(Stored data)
--- START ---

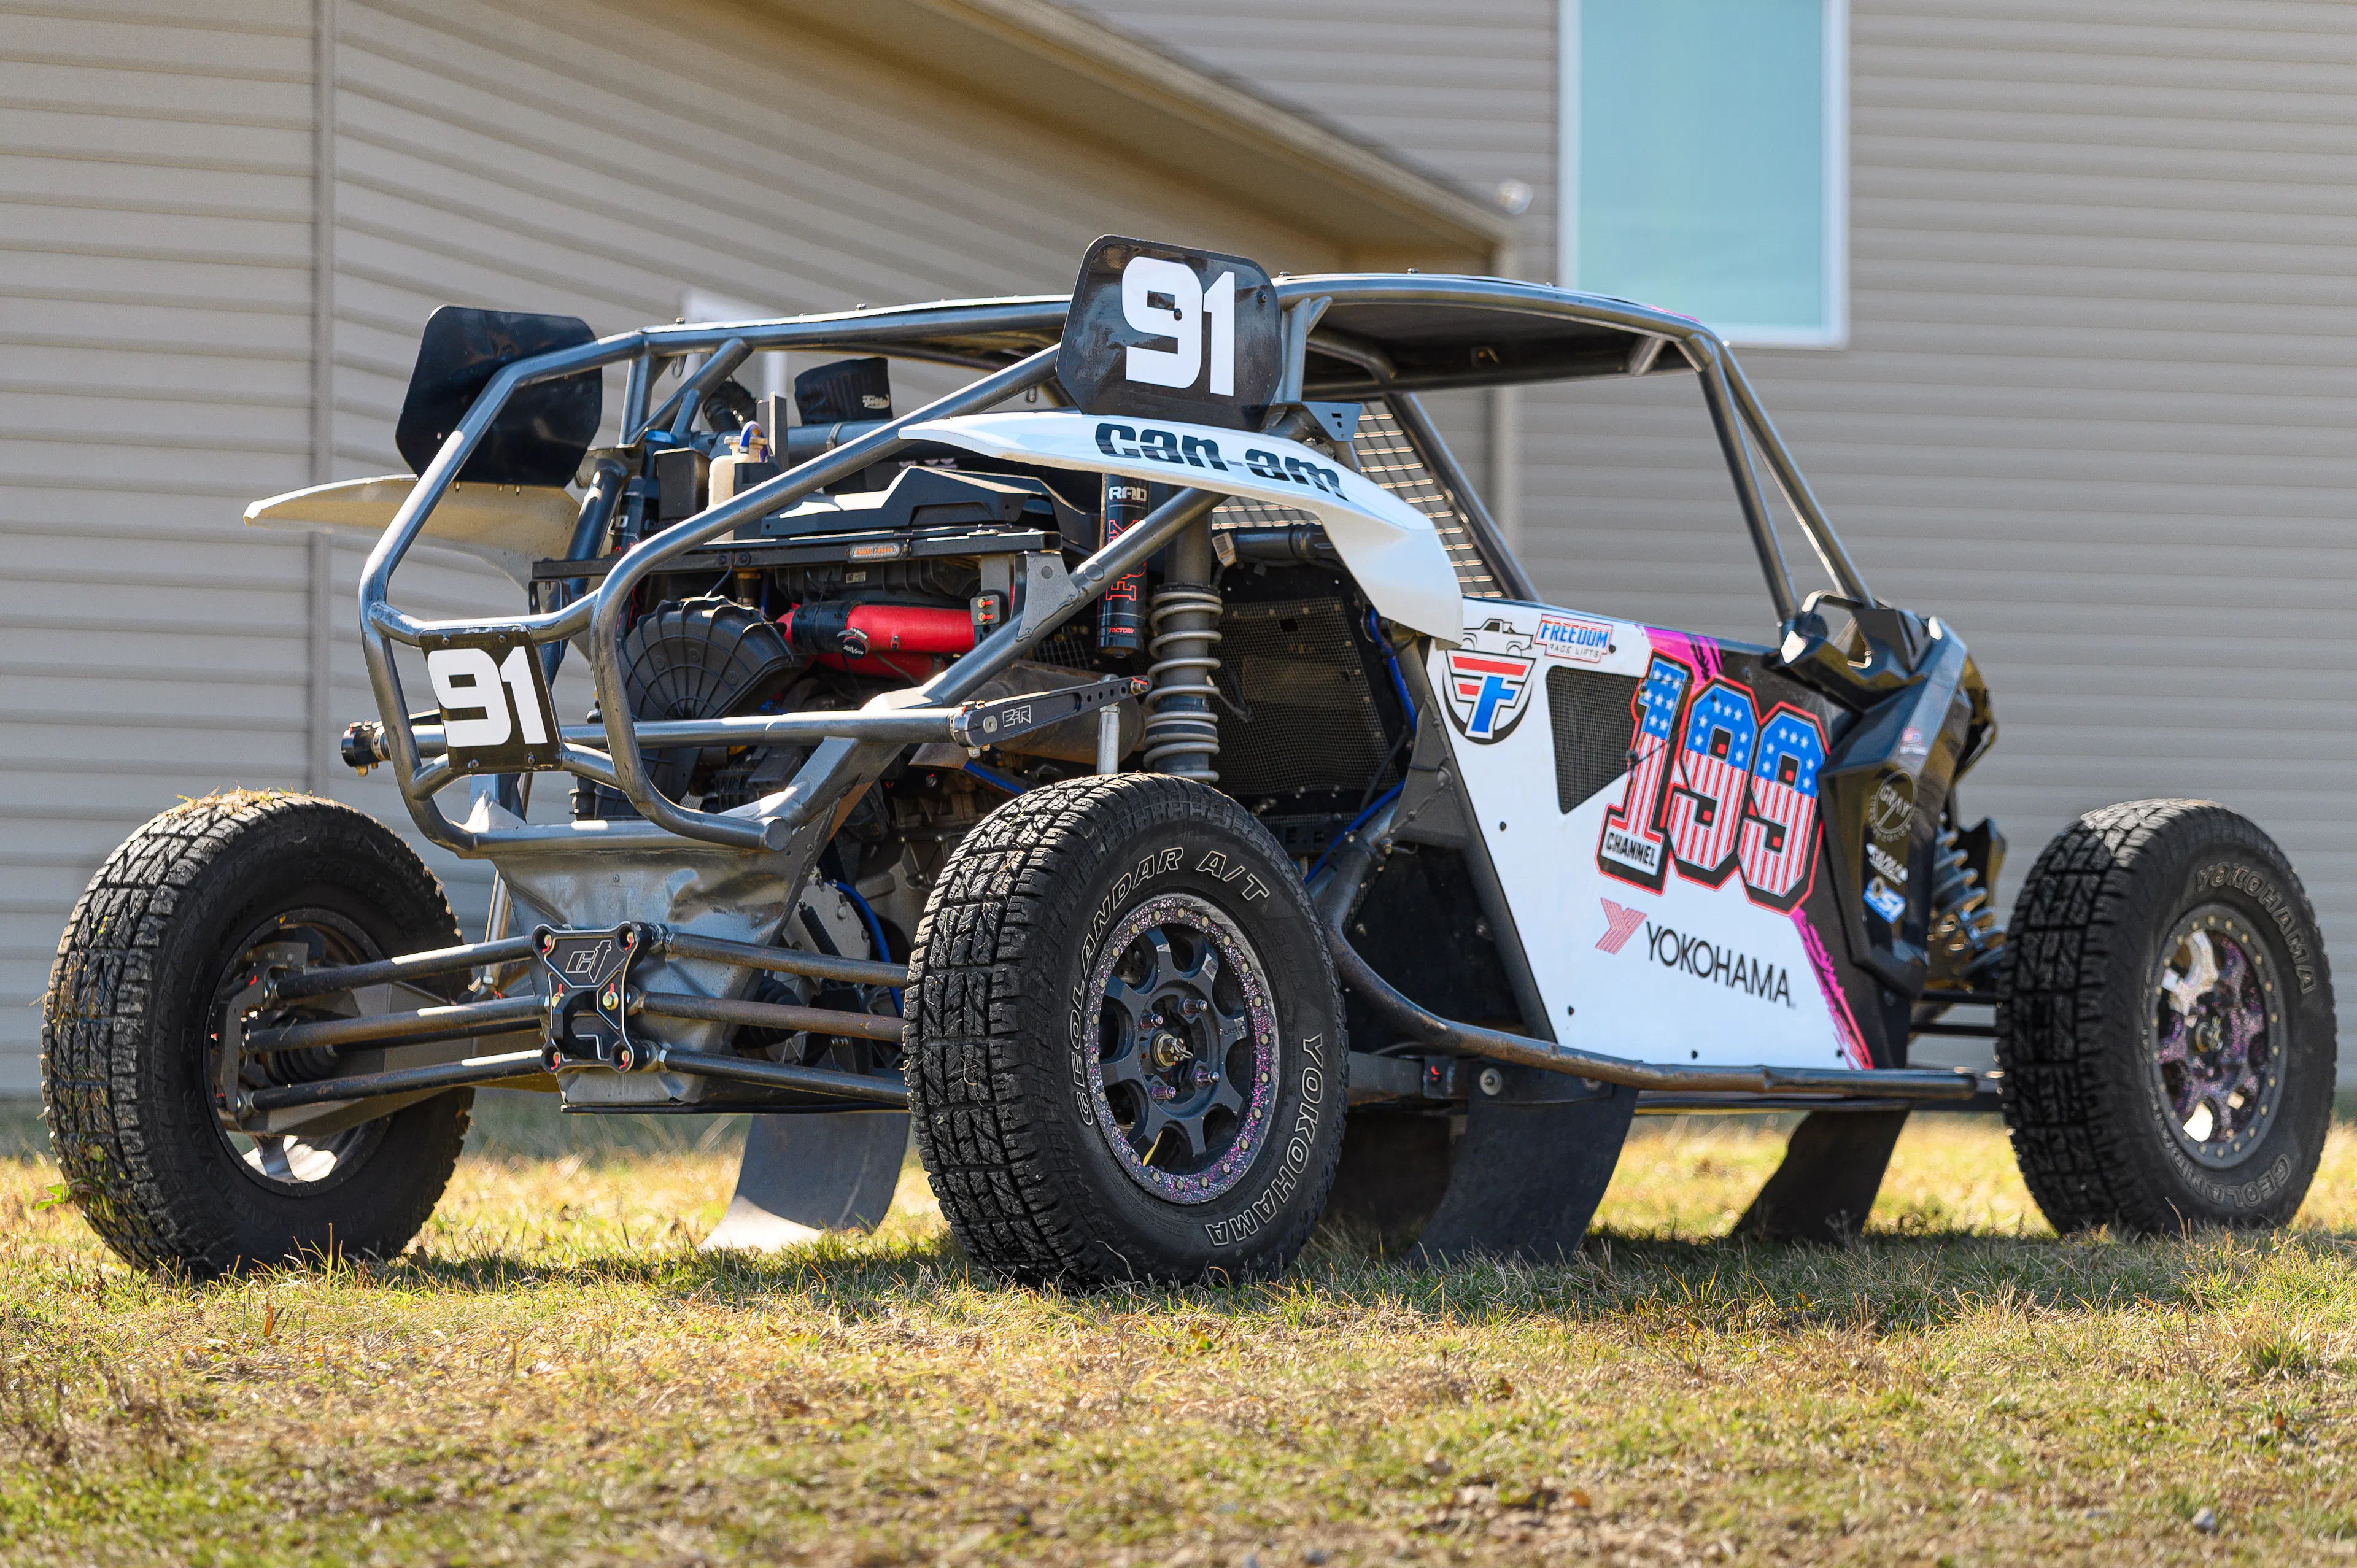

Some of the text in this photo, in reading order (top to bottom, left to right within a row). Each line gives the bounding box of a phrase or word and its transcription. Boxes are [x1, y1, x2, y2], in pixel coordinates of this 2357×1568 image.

[1122, 256, 1235, 396] 91
[1095, 423, 1349, 502] can-am
[1540, 622, 1609, 649] FREEDOM
[427, 646, 548, 748] 91
[1606, 655, 1827, 898] 199
[1606, 831, 1657, 870] CHANNEL
[1070, 846, 1184, 1127] GEOLANDAR
[1195, 847, 1271, 902] A/T
[1646, 921, 1793, 1008] YOKOHAMA
[2196, 860, 2318, 995] YOKOHAMA
[1205, 1032, 1324, 1248] YOKOHAMA

--- END ---

WHAT YOU NEED TO DO
Leaving the pictures out, transcribe the entries above exactly as written.

EXERCISE RESULT
Some of the text in this photo, in reading order (top to bottom, left to right within a row). Each line gives the bounding box of a phrase or word and its transcription. Boxes are [x1, y1, x2, y2], in pixel coordinates of this 2357×1568 image.

[1122, 256, 1235, 396] 91
[1095, 423, 1349, 502] can-am
[1540, 622, 1609, 649] FREEDOM
[427, 646, 548, 748] 91
[1606, 655, 1827, 898] 199
[1606, 831, 1657, 870] CHANNEL
[1070, 846, 1184, 1127] GEOLANDAR
[1195, 847, 1271, 902] A/T
[1646, 921, 1793, 1008] YOKOHAMA
[2196, 860, 2318, 995] YOKOHAMA
[1205, 1032, 1324, 1248] YOKOHAMA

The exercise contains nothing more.